PUBLISHED May 30, 2026
A Memorable Journey Through Marrakech: Celebrating an 80th Birthday in the Heart of Morocco

Discovering the Allure of Marrakech

Morocco stands as a remarkable leader in both African and global tourism, earning recognition as the top destination on the continent and ranking thirteenth worldwide. The country offers an array of experiences that cater to diverse interests, from the vibrant culture and luxury found in Marrakech to the business hubs of coastal cities like Agadir and Casablanca, and the rich history and multicultural architecture of cities such as Fez and Rabat. In a remarkable surge, nearly 20 million tourists flocked to Morocco in 2025, with Marrakech alone drawing in approximately 40 percent of that total. Thus, when I received an invitation to partake in a friend's 80th birthday celebration in this enchanting city, renowned for its stunning red ochre buildings, I was overjoyed. My previous visit to Casablanca for an academic conference in the late 2000s had only fueled my desire to explore Marrakech and Fez further, a longing that had its roots in my youth when I watched the British spy film 'Our Man in Marrakech' in the 1960s. I was captivated by the actors' navigation of the souks' intricate and colorful alleys while evading capture, as well as the high-speed car chases through the arid Atlas Mountains.

In preparation for our journey, as is customary when visiting new cities, we dedicated the days leading up to our departure to immersing ourselves in YouTube videos and blogs, meticulously crafting our itinerary to ensure we could experience the best of what Marrakech had to offer.

An Unforgettable Birthday Celebration

Over the years, I have attended countless birthday parties, yet the two-day celebration in Marrakech stands out as an extraordinary event that I will remember for its unique style, meticulous organization, stunning setting, and sheer joy. With just over fifty attendees from various countries, the party size was intimate yet lively. The festivities commenced with a “Meet and Greet” at a chic rooftop restaurant in the Medina on the eve of the birthday party, featuring a soulful Arabic song performed by local artists to honor the celebrant. It was heartwarming to see the nine grandchildren and a great-grandchild, all dressed in purple—the color of the occasion—dancing joyfully alongside their vibrant matriarch.

The following day, the birthday party unfolded at the exquisite boutique hotel Jnane Tamsna, nestled in the exclusive Palmeraie district and owned by a designer of Senegalese and Guadeloupean descent. This stunning hotel sprawls across nine acres of lush gardens adorned with date palms, olive groves, and organic vegetable patches. The celebrations took place across three distinct locations: an apéritif on a rooftop terrace that offered breathtaking views of the gardens and the clear blue sky, a banquet set in a secluded area of the gardens, and a cake-cutting and dance party in the main hall. The children and grandchildren delivered moving speeches during the banquet, while friends and family shared heartfelt words at the cake-cutting ceremony.

The crowning moment of the evening was the celebrant's grand entrance on the rooftop while we savored an array of delicious finger foods. The organizers had set the scene by using the back section of the rooftop to bring in the celebrant on a lavishly adorned Moroccan throne, known as the Amariya, carried by four men in flowing white robes. In Moroccan culture, the Amariya is traditionally employed to carry brides during wedding ceremonies. As the music rose in volume, guests at the back began to sing and dance to Tina Turner’s “Simply the Best.” As the sun began to set, I could hardly see the four men bearing the throne amidst the crowd, and for a fleeting moment, I genuinely believed that Yvette was descending from the heavens! It was an enchanting experience.

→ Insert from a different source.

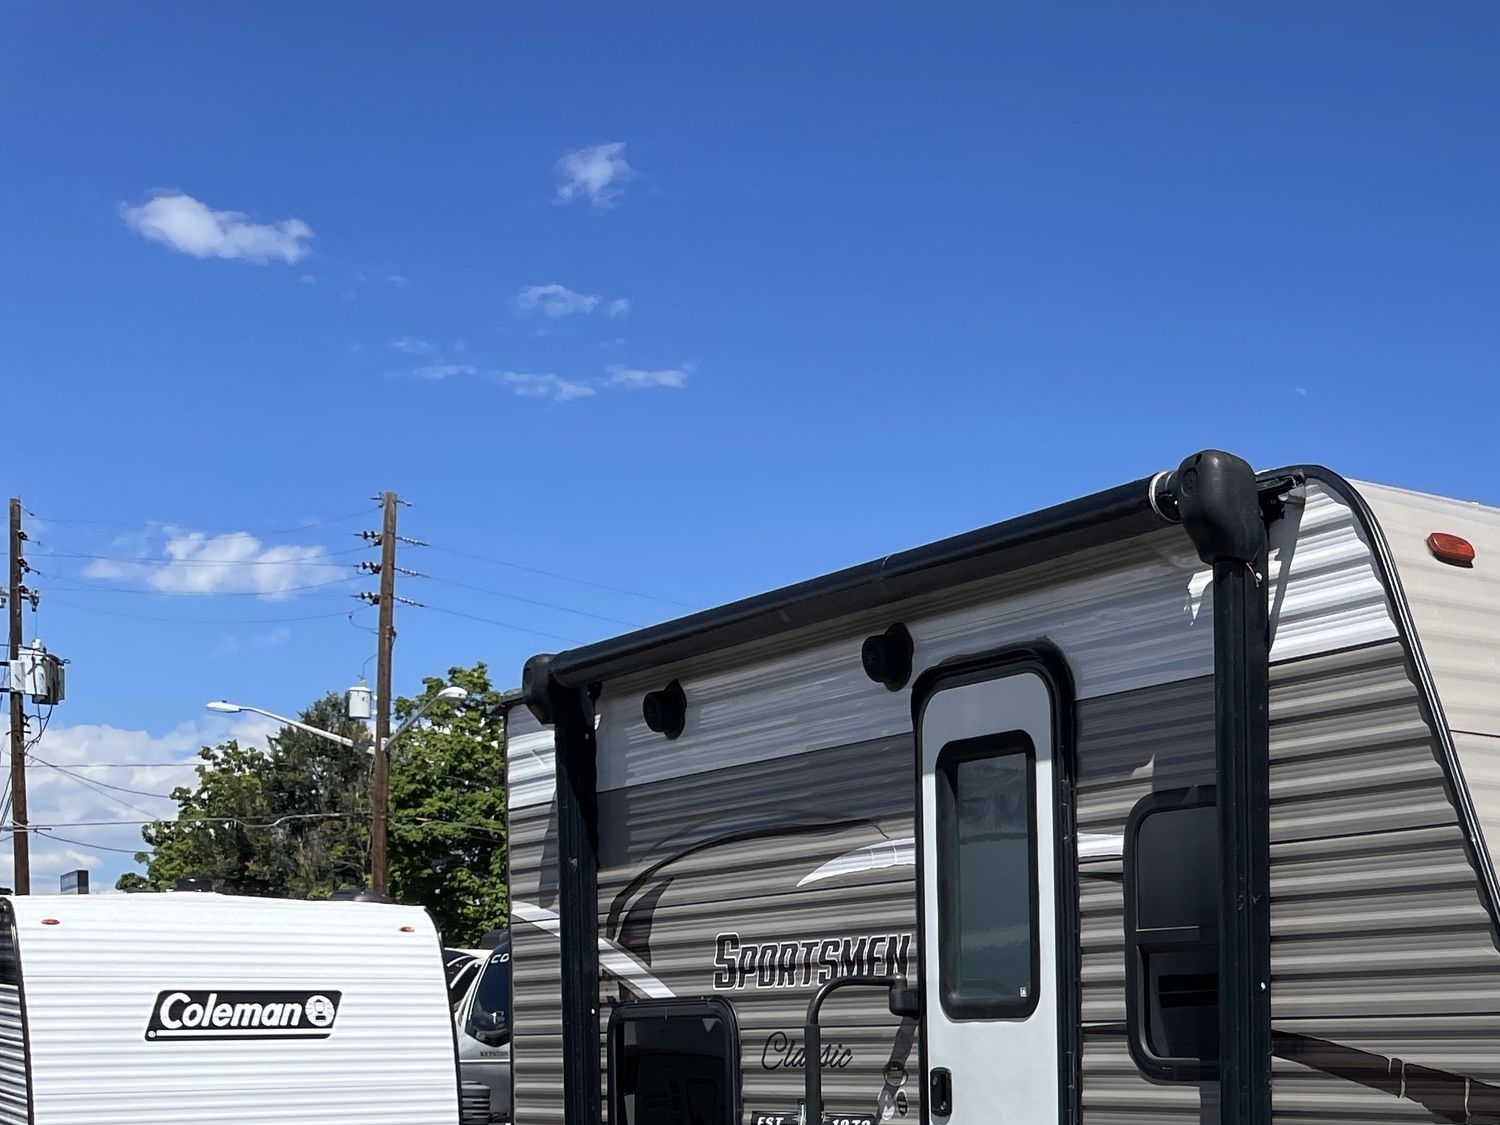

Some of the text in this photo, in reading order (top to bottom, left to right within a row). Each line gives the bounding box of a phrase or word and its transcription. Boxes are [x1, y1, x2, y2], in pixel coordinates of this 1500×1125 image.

[713, 932, 912, 990] SPORTSMEN
[159, 992, 302, 1029] Coleman
[761, 1031, 853, 1070] Clasic

For over seven hours, we revelled in a continuous celebration of eating, drinking, conversing, and dancing to a diverse mix of Western, Nigerian, and Sierra Leonean music. The entertainment was equally thrilling, featuring traditional Moroccan dances, captivating belly dancing, and jaw-dropping fire-eating performances.

After the birthday festivities, we dedicated five additional days to exploring Marrakech and its surroundings. The city is brimming with attractions, and while it was impossible to see everything, we devised a straightforward strategy to guide our adventures. Most historical sites are located in the Medina, the old city, while our hotel was situated in the newer district of Guéliz, requiring a forty-minute walk to reach the Medina.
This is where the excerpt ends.